Sunday, June 21, 2009

The CIA Roadblock

About a week ago, Leon Panetta was quoted in The New Yorker saying that Dick Cheney seems like he wishes for the country to get attacked again. Panetta walked it back within 24 hours, or at least his spokesman did.

This quick shift is indicative of how the career officers are running the show inside the CIA, not Panetta, although I imagine he wasn't very hard to convince. The CIA has now gone back to its traditional role of covering up its ugliest activities, in contravention of judicial rulings and the will of the people. Take the 2004 Inspector general's report, for example, which has been described in major media and released in redacted form. The report was scheduled for release Friday, but amid insistent attempts at suppression, that release has been postponed.

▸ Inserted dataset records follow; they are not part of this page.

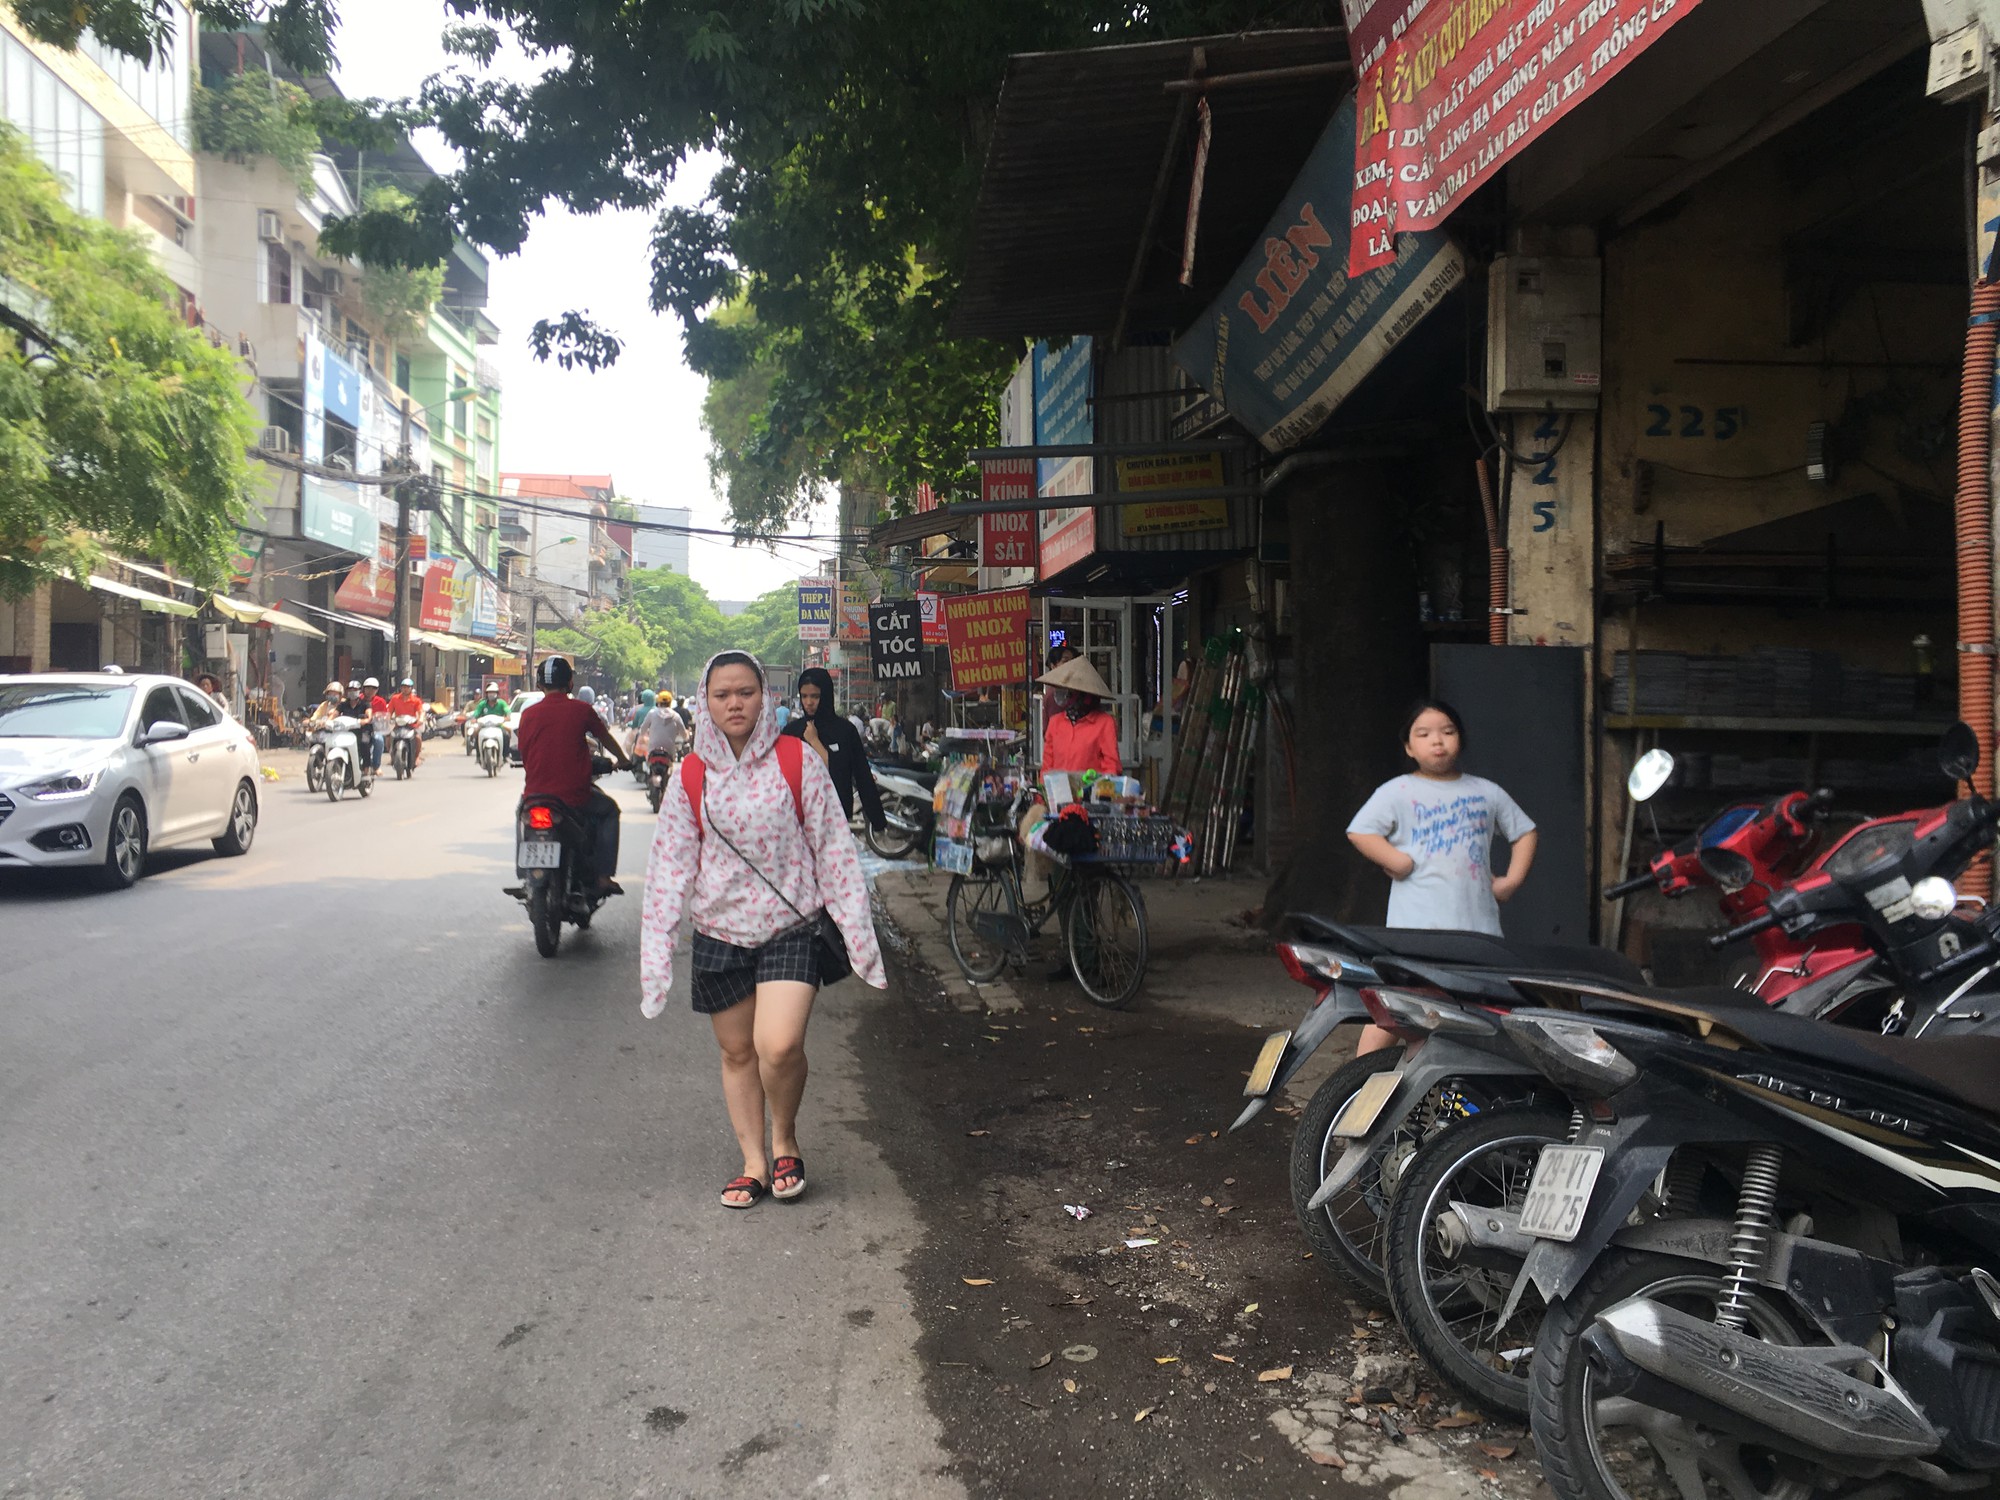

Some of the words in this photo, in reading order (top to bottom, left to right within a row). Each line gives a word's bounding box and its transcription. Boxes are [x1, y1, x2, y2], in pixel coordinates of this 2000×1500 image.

[1492, 67, 1538, 116] KHÔNG
[1355, 159, 1387, 191] XEM
[1426, 103, 1442, 132] ÁN
[1443, 77, 1466, 118] LẤY
[1468, 47, 1494, 95] NHÀ
[1496, 24, 1525, 67] MẶT
[1368, 229, 1392, 257] LÀ
[1478, 136, 1505, 172] LÀM
[1562, 62, 1586, 101] XE,
[1238, 202, 1333, 334] LIÊN
[1646, 404, 1741, 441] 225
[990, 480, 1029, 501] KÍNH
[990, 513, 1028, 532] INOX
[994, 535, 1025, 561] SẮT
[801, 589, 823, 604] THÉP
[947, 598, 990, 620] NHÔM
[993, 594, 1027, 614] KÍNH
[801, 609, 814, 620] ĐA
[876, 609, 911, 631] CẮT
[966, 617, 1014, 639] INOX
[879, 635, 916, 654] TÓC
[952, 641, 979, 665] SẮT,
[981, 640, 1006, 661] MÁI
[878, 661, 922, 679] NAM
[957, 663, 1008, 685] NHÔM

McJoan writes:

Greg Sargent speculates that this effort to suppress information is to try to "keep chunks that would undermine Cheney under wraps." This 2004 report from the CIA, according to various reports from officials who have seen it, will show that the CIA knew then that there was no proof that torture uncovered terror plots. One chapter of the report, which was released in heavily redacted form in response to an ACLU suit, is on "effectiveness." That chapter had been entirely redacted from the previous release.

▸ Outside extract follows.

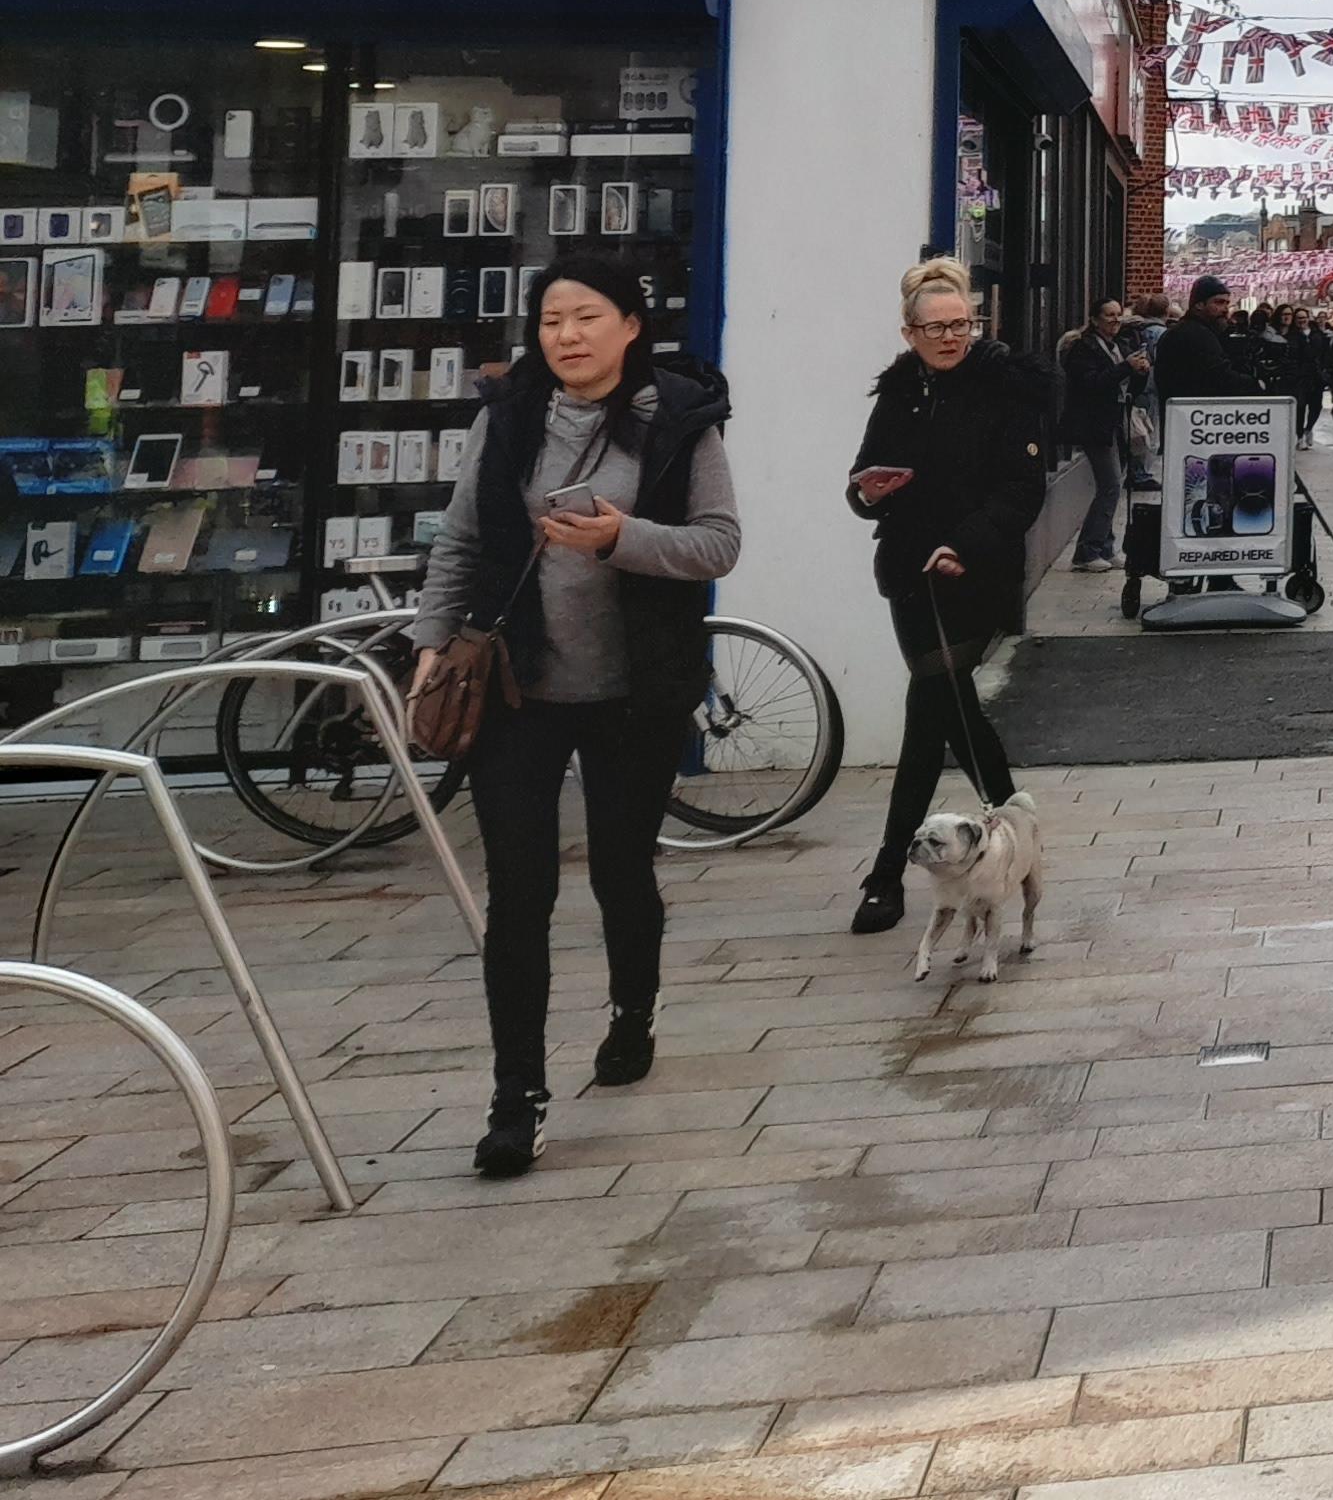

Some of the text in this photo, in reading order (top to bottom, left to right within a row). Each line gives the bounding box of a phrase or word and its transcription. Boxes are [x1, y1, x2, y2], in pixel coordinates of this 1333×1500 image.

[1190, 409, 1271, 426] Cracked
[1190, 429, 1270, 445] Screens
[1179, 550, 1274, 562] REPAIRED HERE

That could be part of the resistance, but it appears that the larger part of it is that the CIA knew then, as it knows now, what it was doing was illegal. From the WaPo story:

The report further questioned the legality of using different combinations of techniques -- for example, sleep deprivation combined with forced nudity and painful stress positions, according to sources familiar with the document. While Justice Department lawyers had determined in August 2002 that the individual techniques did not constitute torture, the report warned that using several techniques at once could have a far greater psychological impact, according to officials familiar with the document.

"The argument was that combining the techniques amounted to torture," said a former agency official who read the report. "In essence, [Helgerson] was arguing in 2004 that there were clear violations of international laws and domestic laws."


This is ongoing CYA from the CIA. They know that torture was illegal, they're fighting tooth and nail to avoid disclosure and potential prosecutions.


Now, the CIA is currently reviewing the report from the Office of Professional Responsibility looking at the legal rationales given for torture by the likes of John Yoo, Jay Bybee and Stephen Bradbury. Eric Holder denied that the CIA will hold up the report, and that the report will be released within weeks, but of course, that's what was said about the 2004 CIA IG report. Marcy Wheeler writes:

In other words, no, Holder doesn't find it problematic that someone like John Rizzo--who remains the Acting General Counsel at CIA and who made apparently false declarations to OLC in 2002 when it first approved torture--gets a chance to review the OPR report.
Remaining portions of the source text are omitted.